According to the design of the computing path and the storage structure, the whole structure design of the convolutional neural network accelerator is given (as shown in fig. 4 and fig. 5). The convolutional neural network accelerator comprises an on-chip cache combined with a computation path, is used for storing an intermediate characteristic diagram formed by the computation path in an inference process, can be multiplexed for multiple times, and all data scheduling and computation path configuration are completed by a controller in a Processing Element (PE) and a main controller in a coordinated mode. The architecture diagram of PE is shown in fig. 6.

The convolutional neural network accelerator provided by the application can comprise an input instruction module, an operation module, a data handling module and the like, and can obtain operation efficiency which is dozens of times higher than that of a Graphic Processing Unit (GPU) by designing an efficient accelerator (INT8) aiming at a quantized neural network model through an FPGA.

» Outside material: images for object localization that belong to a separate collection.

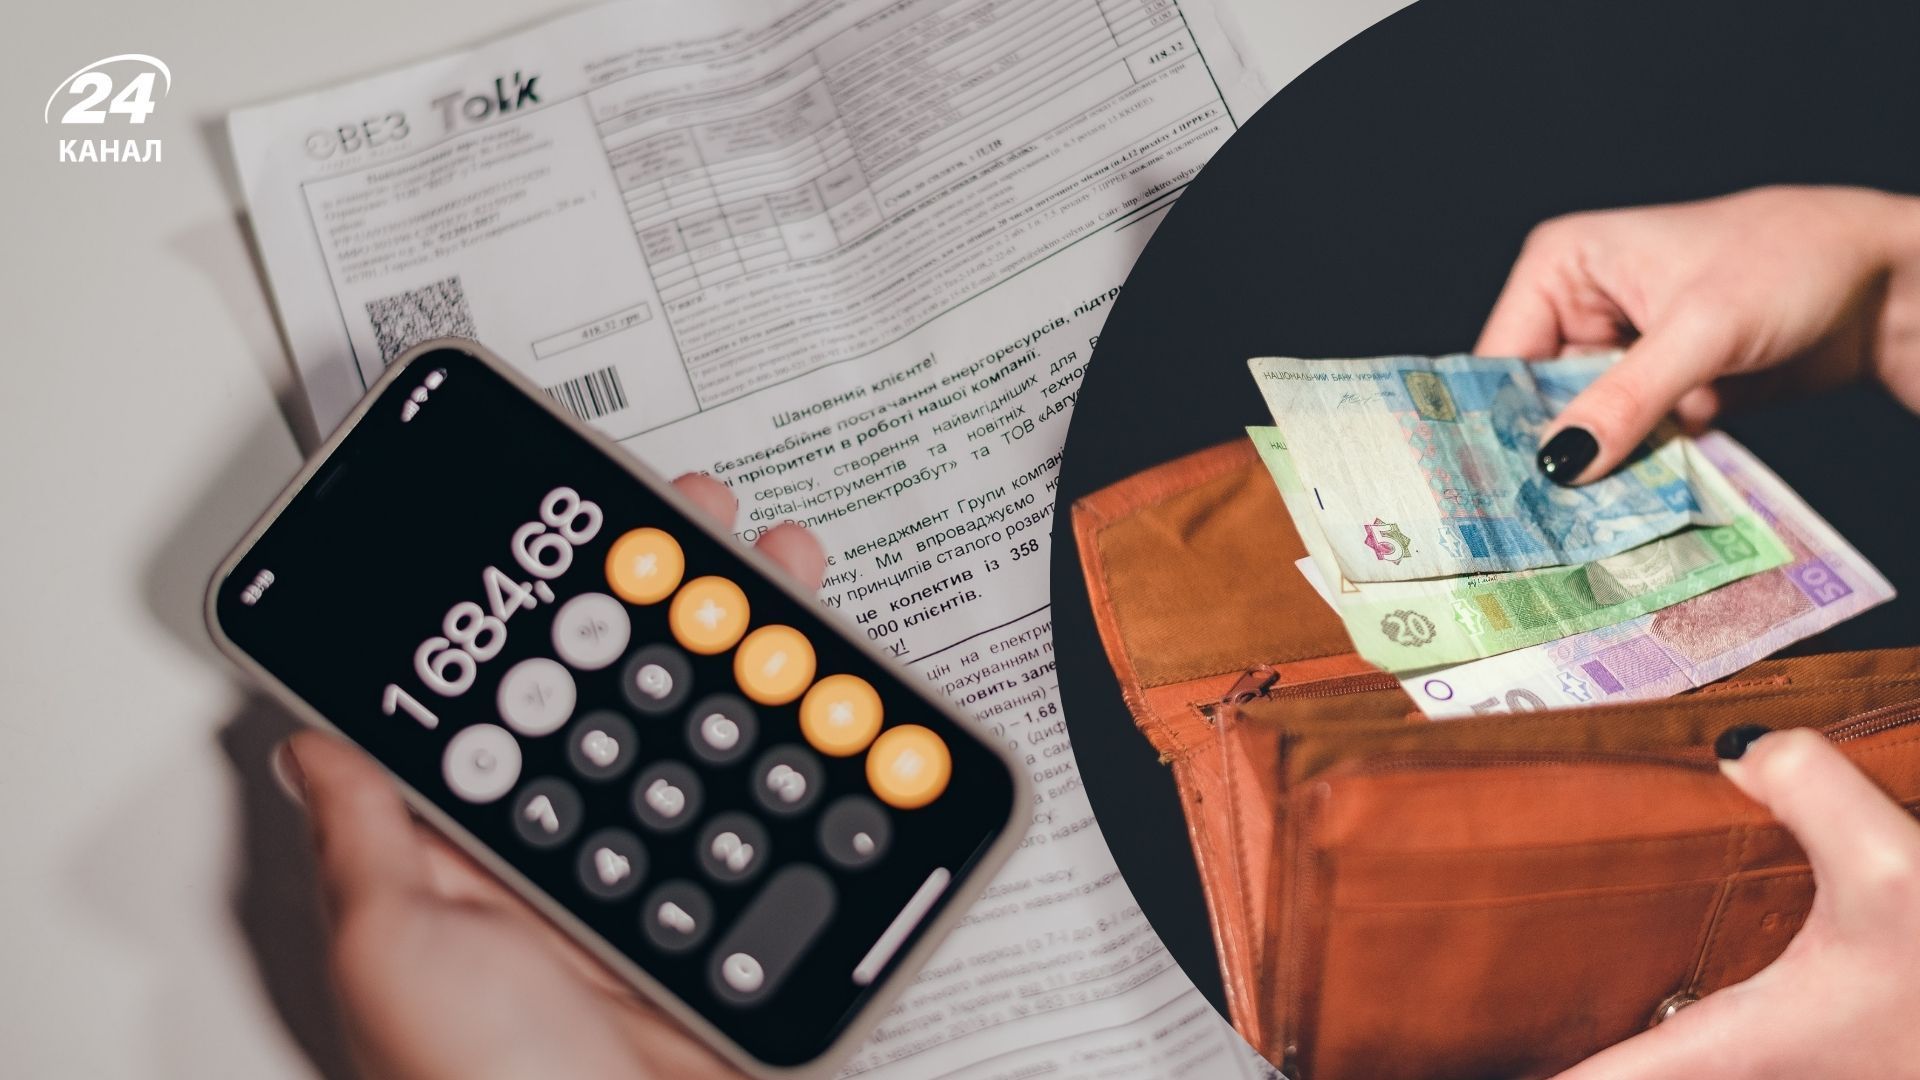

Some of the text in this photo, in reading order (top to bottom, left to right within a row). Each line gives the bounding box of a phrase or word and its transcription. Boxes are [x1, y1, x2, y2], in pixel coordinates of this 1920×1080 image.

[713, 426, 831, 486] безперебійне
[837, 382, 937, 430] постачання
[941, 317, 1069, 385] енергоресурсів,
[1073, 286, 1122, 317] підтр
[772, 352, 935, 428] Шановний клієнте!
[1263, 371, 1329, 382] НАЦІОНАЛЬНИЙ
[1332, 373, 1353, 381] БАНК
[738, 347, 1040, 483] пріоритети в роботі нашої компанії.
[754, 477, 819, 509] сервісу,
[833, 433, 919, 476] створення
[932, 374, 1037, 434] найвигідніших
[1049, 350, 1077, 376] для
[970, 445, 990, 460] та
[1000, 418, 1035, 444] ТОВ
[749, 443, 906, 520] digital-інструментів
[926, 442, 947, 456] та
[966, 404, 1025, 441] новітніх
[820, 568, 862, 588] инку.
[874, 551, 903, 569] Ми
[916, 493, 1034, 552] впроваджуємо
[844, 509, 948, 560] менеджмент
[956, 486, 1005, 513] Групи
[1369, 523, 1405, 562] 5
[846, 559, 932, 600] принципів
[936, 531, 1001, 563] сталого
[855, 538, 1039, 624] це колектив із 358
[379, 485, 604, 729] 1 684,68
[866, 590, 981, 640] 000 клієнтів.
[1388, 614, 1432, 644] 20
[926, 663, 950, 681] цін
[959, 651, 979, 666] на
[1024, 701, 1057, 722] 1,68

The technical features of the above embodiments can be arbitrarily combined, and for the sake of brevity, all possible combinations of the technical features in the above embodiments are not described, but should be considered as the scope of the present specification as long as there is no contradiction between the combinations of the technical features.

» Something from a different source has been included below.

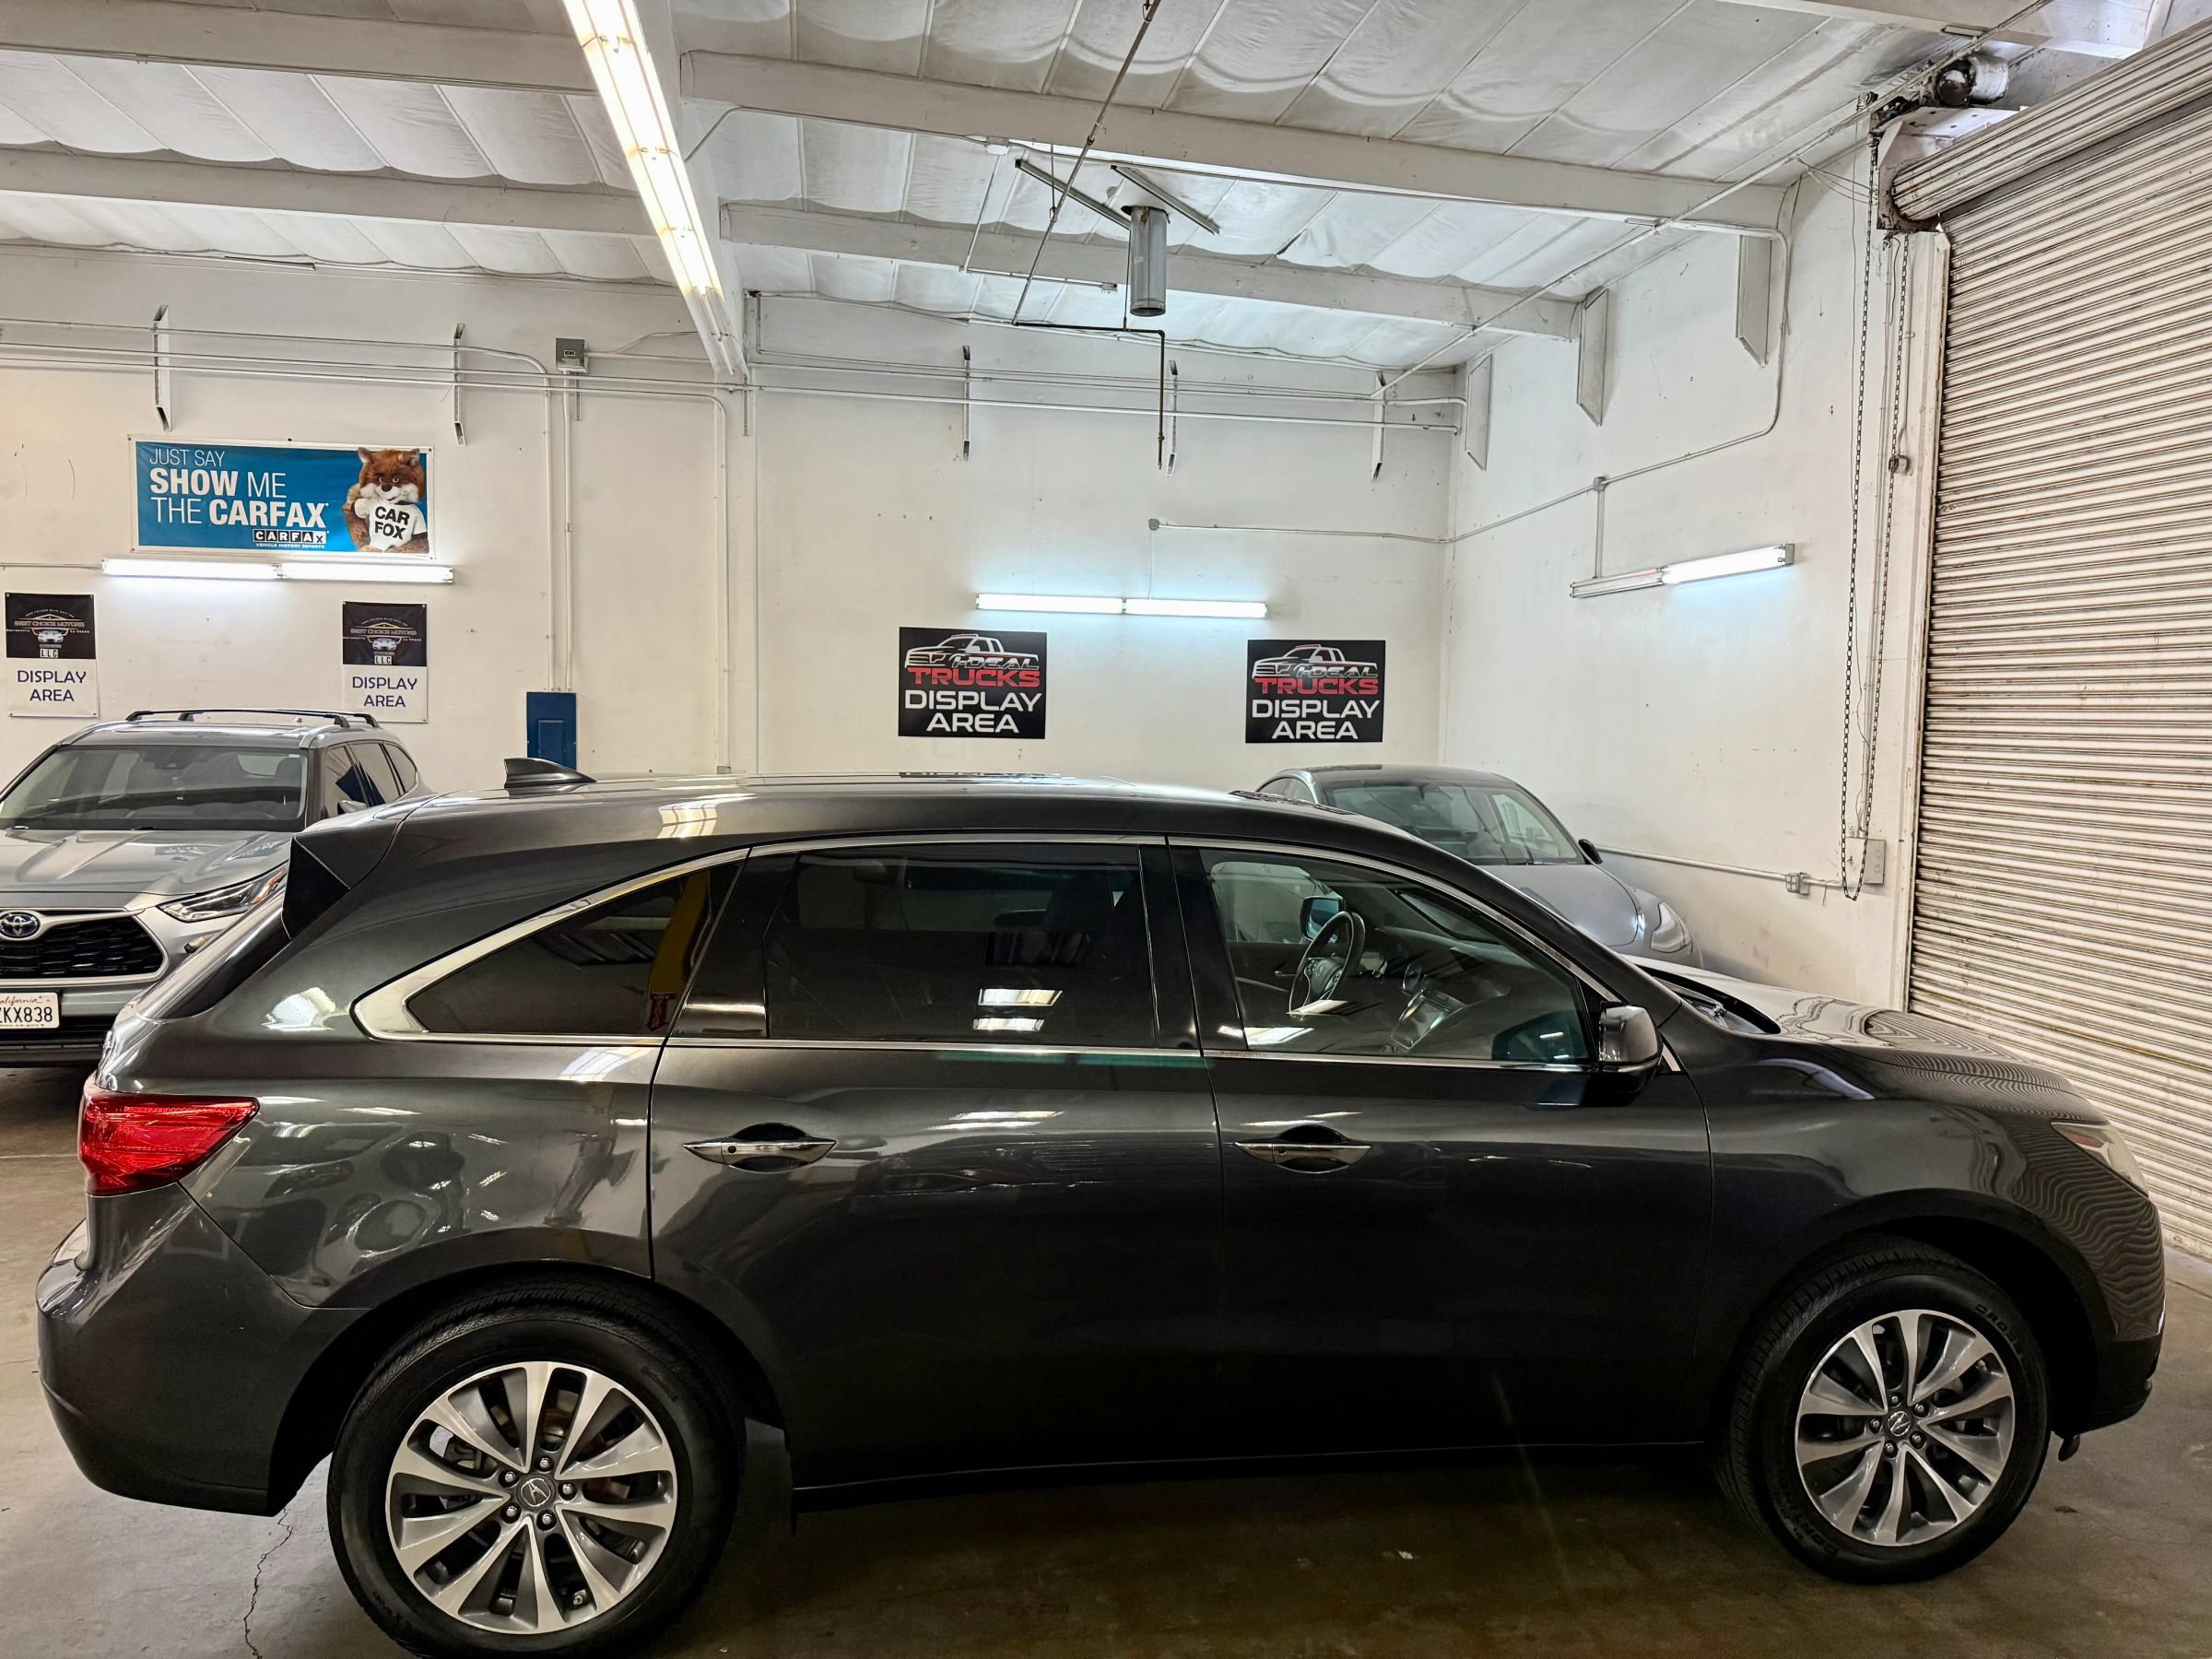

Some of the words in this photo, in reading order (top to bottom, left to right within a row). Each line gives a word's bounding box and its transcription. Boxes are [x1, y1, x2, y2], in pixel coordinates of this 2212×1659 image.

The above examples only express several embodiments of the present application, and the description thereof is more specific and detailed, but not construed as limiting the scope of the invention. It should be noted that, for a person skilled in the art, several variations and modifications can be made without departing from the concept of the present application, which falls within the scope of protection of the present application. Therefore, the protection scope of the present patent shall be subject to the appended claims.

Claims

1. A convolutional neural network accelerator, comprising: a plurality of multiplication-addition trees for performing parallel operation on the multi-channel characteristic diagram, and a scaling operator and an adder which are connected in series behind each multiplication-addition tree;

2. The convolutional neural network accelerator of claim 1, wherein the multiply-add tree comprises a first multiplier having a first input port and a second input port; wherein the input data bit width of the first input port is less than the input data bit width of the second input port;

3. The convolutional neural network accelerator of claim 2, wherein the input data bit width of the second input port is consistent with the number of input sub-ports comprised by the second input port;

4. The convolutional neural network accelerator of claim 1, wherein the scaling operator comprises a second multiplier and a shifter;

5. The convolutional neural network accelerator of claim 4,

6. The convolutional neural network accelerator of claim 5, wherein the integer scaling value is further formed by: and performing power operation by taking the calculation bit width of the second multiplier as a power value and 2 as a base number, and amplifying the floating point type scaling value subjected to twice circular amplification by using a power operation result.

7. The convolutional neural network accelerator of claim 6, wherein the magnification ratio is an n-th power of 2; n is the sum of the calculated bit width of the second multiplier and the number of times of the twice cyclic amplification.

8. The convolutional neural network accelerator of claim 4,

9. The convolutional neural network accelerator of claim 8,

10. The convolutional neural network accelerator of claim 1, wherein the convolutional neural network accelerator comprises: and the on-chip cache is combined with the calculation path and used for storing the intermediate characteristic graph formed by the calculation path in the inference process.